(Stored data entries)
--------------------------------
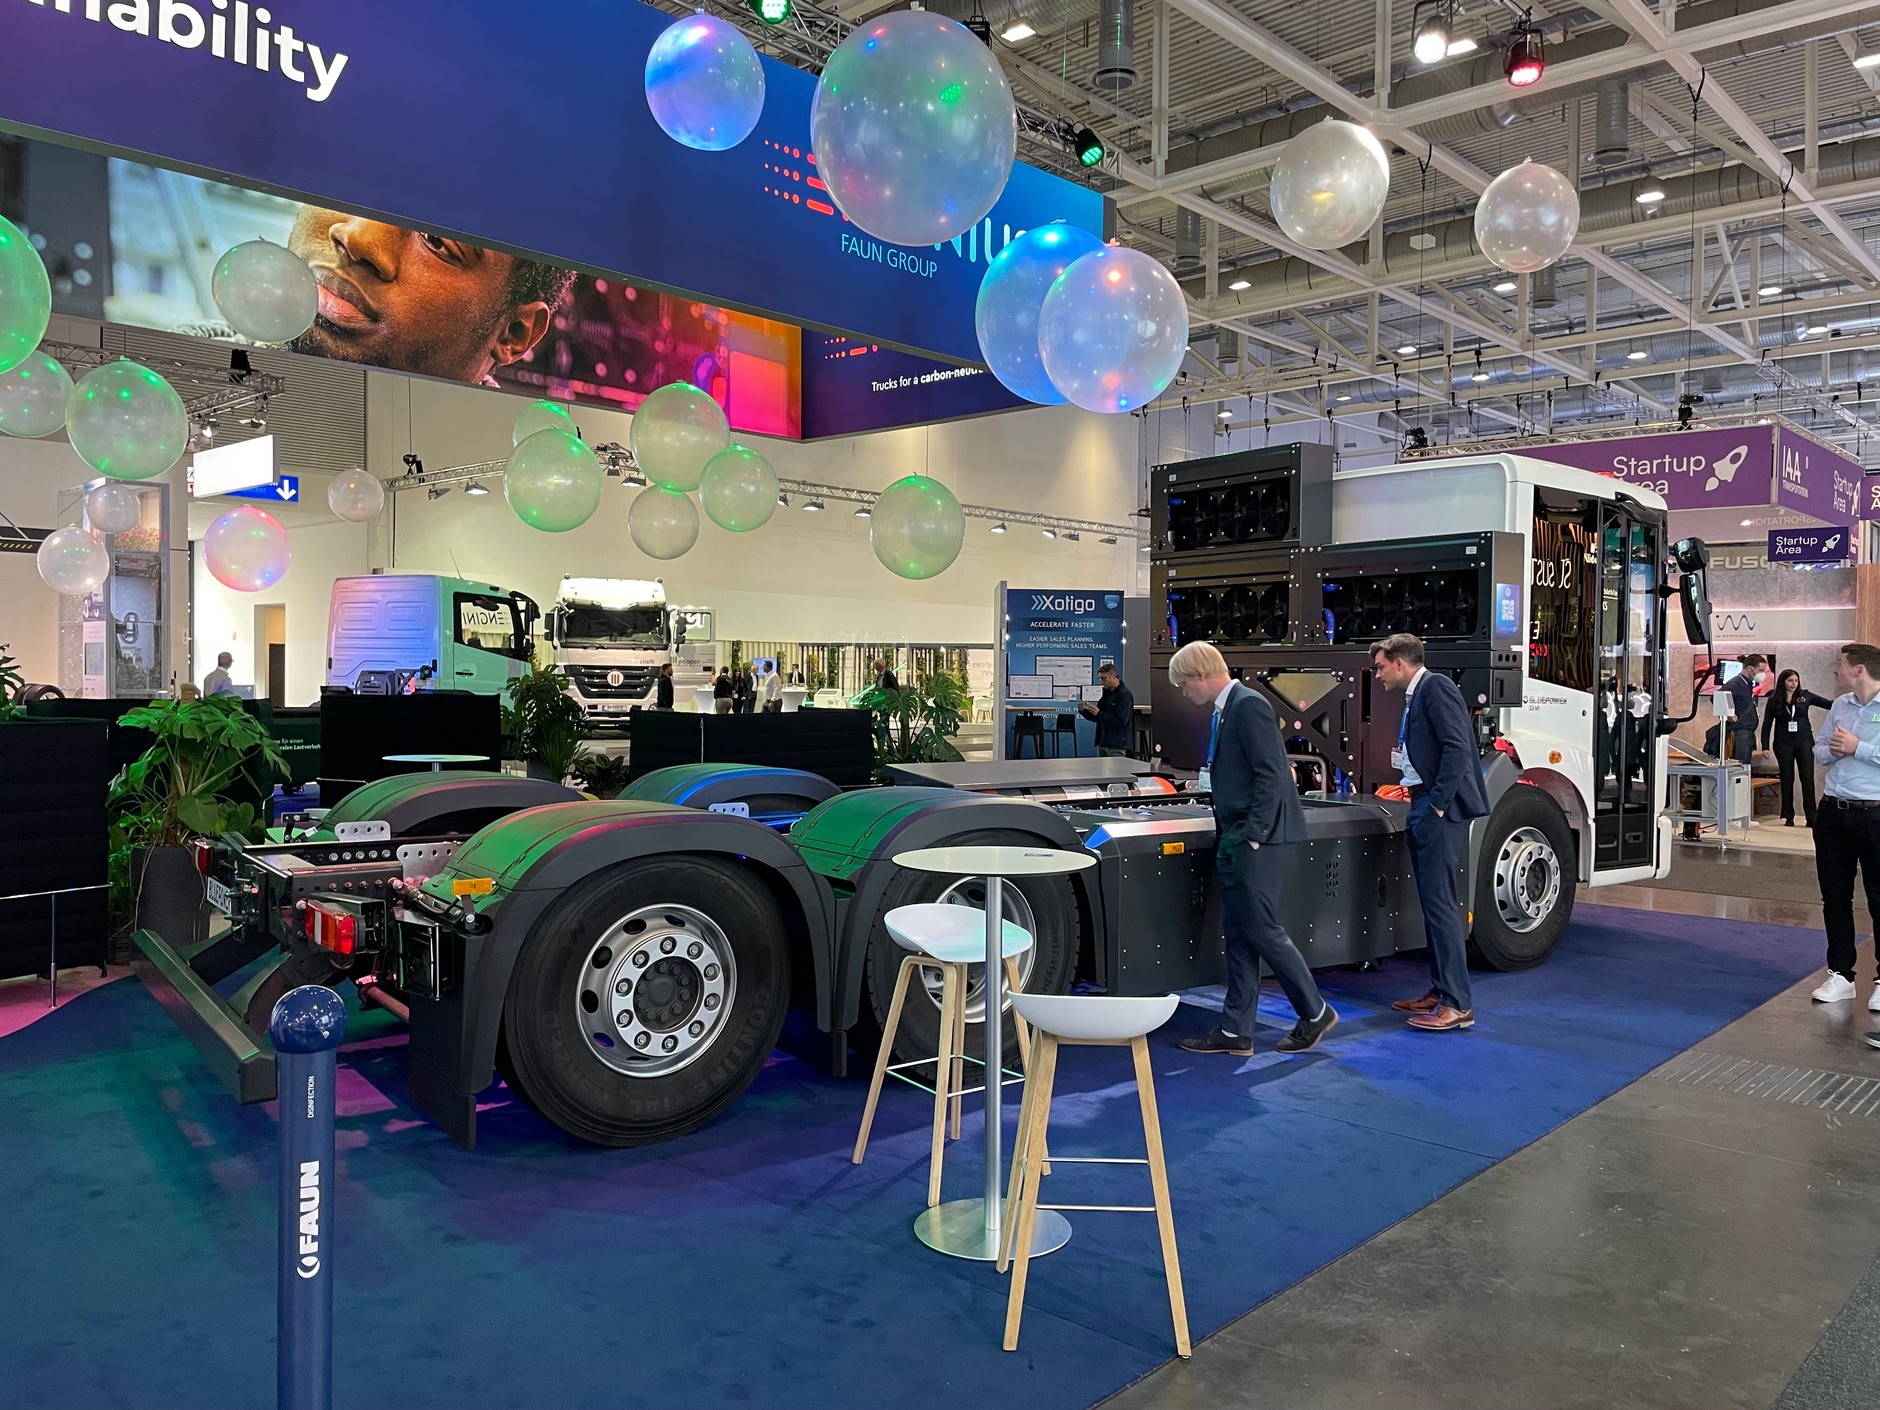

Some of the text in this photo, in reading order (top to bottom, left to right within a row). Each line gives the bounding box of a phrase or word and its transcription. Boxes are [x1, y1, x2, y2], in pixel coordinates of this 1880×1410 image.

[841, 233, 938, 278] FAUN GROUP
[872, 367, 984, 392] Trucks for a carbon-neu
[1613, 454, 1706, 477] Startup
[1782, 445, 1801, 484] IAA
[1833, 470, 1853, 500] Startup
[1833, 490, 1846, 513] Area
[1775, 545, 1802, 555] Area
[1776, 536, 1818, 547] Startup
[1041, 595, 1096, 615] Xotigo
[1071, 621, 1095, 629] FASTER
[679, 658, 701, 666] pepper
[307, 1075, 315, 1119] DISINFECTION
[299, 1160, 320, 1255] FAUN
--------------------------------
**Action item**
Each record above is to be copied exactly. Drop the pictures.

**Exercise result**
Some of the text in this photo, in reading order (top to bottom, left to right within a row). Each line gives the bounding box of a phrase or word and its transcription. Boxes are [x1, y1, x2, y2], in pixel coordinates of this 1880×1410 image.

[841, 233, 938, 278] FAUN GROUP
[872, 367, 984, 392] Trucks for a carbon-neu
[1613, 454, 1706, 477] Startup
[1782, 445, 1801, 484] IAA
[1833, 470, 1853, 500] Startup
[1833, 490, 1846, 513] Area
[1775, 545, 1802, 555] Area
[1776, 536, 1818, 547] Startup
[1041, 595, 1096, 615] Xotigo
[1071, 621, 1095, 629] FASTER
[679, 658, 701, 666] pepper
[307, 1075, 315, 1119] DISINFECTION
[299, 1160, 320, 1255] FAUN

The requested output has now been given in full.